Yields on 10-year Treasuries, which are a benchmark for everything from home mortgages to corporate bonds, have fallen to 3.16 percent from this year’s high of 3.74 percent on Feb. 8, according to Bloomberg Bond Trader prices. Treasuries of all maturities have returned 1.76 percent this year, while corporate bonds have gained 4.1 percent, including reinvested interest, Bank of America Merrill Lynch indexes show.
‘Improving Gradually’ In deciding to end QE2 as scheduled in June policy makers are betting that economy will rebound. The median estimate of 73 economists surveyed by Bloomberg is for GDP to exceed 3 percent in the remaining three quarters of the year.
“The labor market is improving gradually,” Bernanke said at a press conference after the Fed’s two-day meeting ended April 27. “The longer it goes on, the more confident we are.”
Bernanke said the Fed would initially hold its balance sheet, currently with $2.723 trillion in assets, steady after completing the purchases by reinvesting the proceeds of maturing Treasuries and mortgage bonds it during QE1.
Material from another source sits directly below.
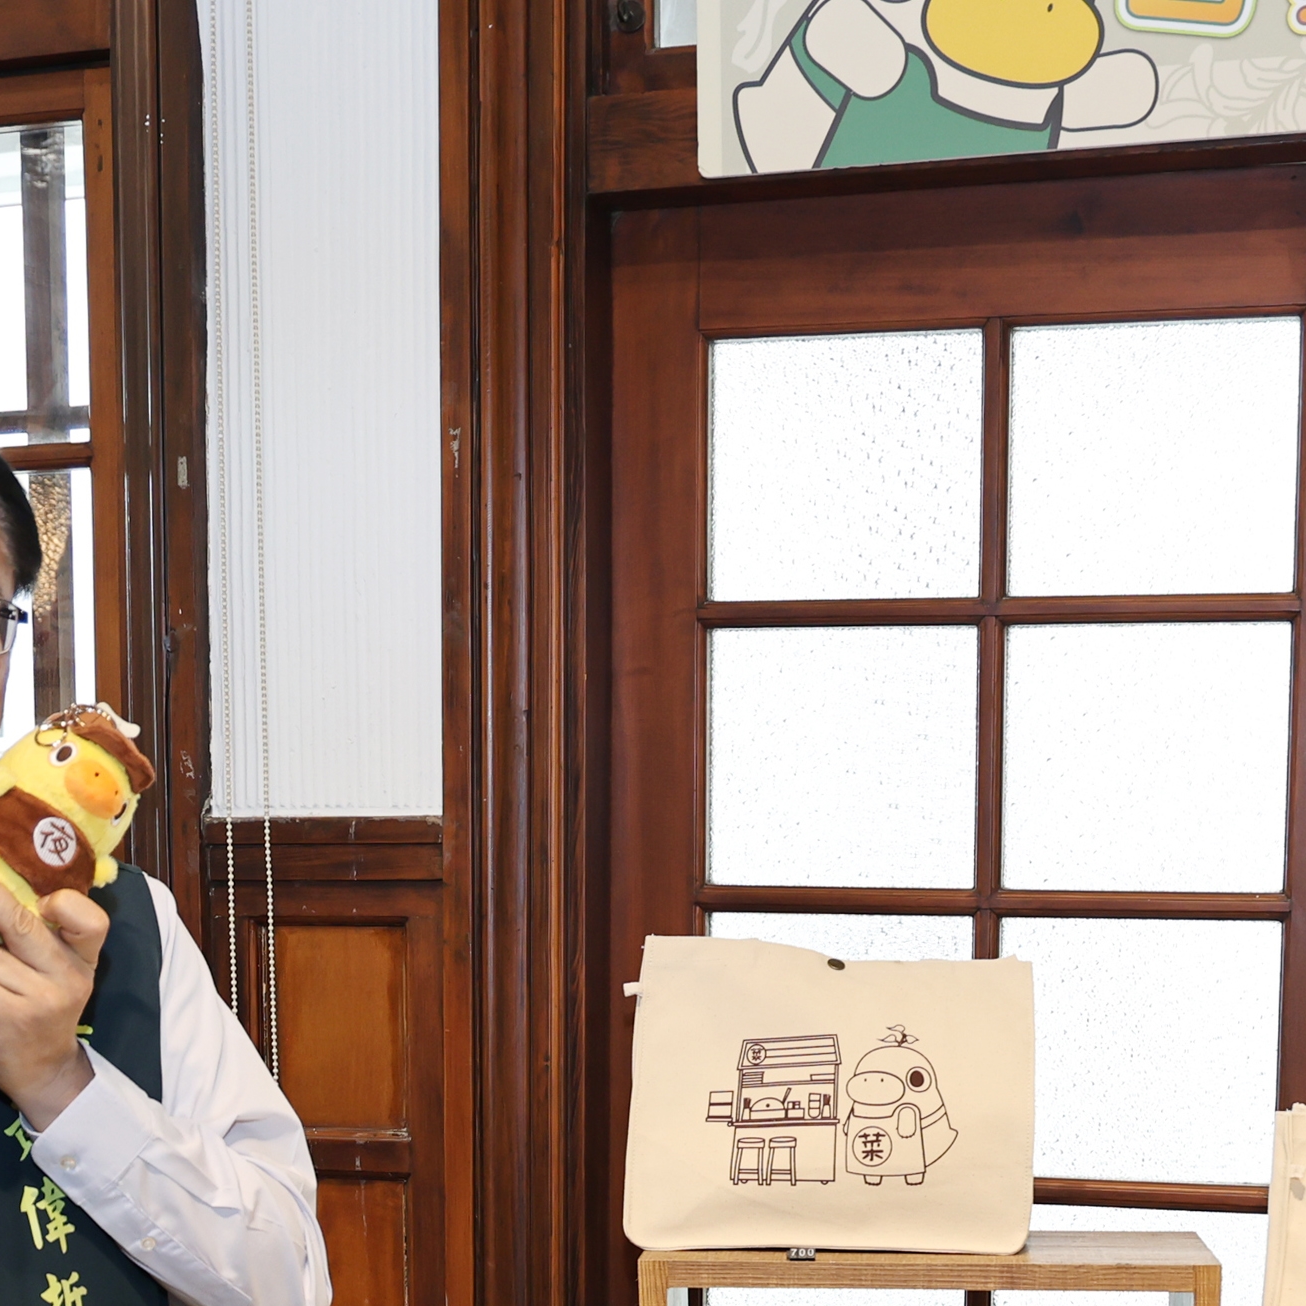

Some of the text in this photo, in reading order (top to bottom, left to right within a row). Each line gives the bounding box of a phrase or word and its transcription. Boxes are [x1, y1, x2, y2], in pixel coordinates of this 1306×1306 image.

[39, 821, 74, 864] 夜
[858, 1132, 886, 1162] 菜
[789, 1248, 815, 1258] 700
The Fed has bought about $470 billion of government debt under the program, said David Ader, head of government bond strategy at Stamford, Connecticut-based CRT Capital Group LLC. That money has encouraged investors to wade into riskier assets.
Record Pace Speculative-grade companies have sold $130.7 billion of junk bonds this year, compared with $106.3 billion at this time last year, when sales set a record $287.6 billion, according to data compiled by Bloomberg. Yields on debt rated below Baa3 by Moody’s Investors Service and less than BBB- at S&P average 7.23 percent, down from 8.88 percent a year ago and 14.7 percent in 2009, according to Bank of America Merrill Lynch indexes.
Banks eased lending terms in the first quarter as they forecast improvement in the U.S. economy and companies sought more loans, a Fed survey released this week of loan officers at 55 domestic banks and 22 U.S. branches and agencies of foreign banks conducted from March 29 to April 12 showed.
Fifty-five percent of domestic banks surveyed reported improvements in the credit quality of large and middle-sized loan applicants, the Fed said. About 35 percent reported improvements in small firms, according to the survey.
Commercial and industrial loans totaled $1.25 trillion as of April 20, according to the Fed. While that’s down from the peak of $1.62 trillion in October 2008, it’s up from last year’s low of $1.21 trillion in September, marking the longest sustained increase since 2008.
Household credit limits rose about $30 billion in the first three months of this year from the previous period, the first increase since the third quarter of 2008, the New York Fed Bank said May 9 in a report. Foreclosures declined 17.7 percent and bankruptcies fell 13.3 percent.
QE2 “slowed the pace of deleveraging, and it clearly helped to mitigate the risk of deflation,” said William Cunningham, co-head of global active fixed income in Boston at State Street Global Advisors, which oversees $2.1 trillion. “It had a positive impact on net.”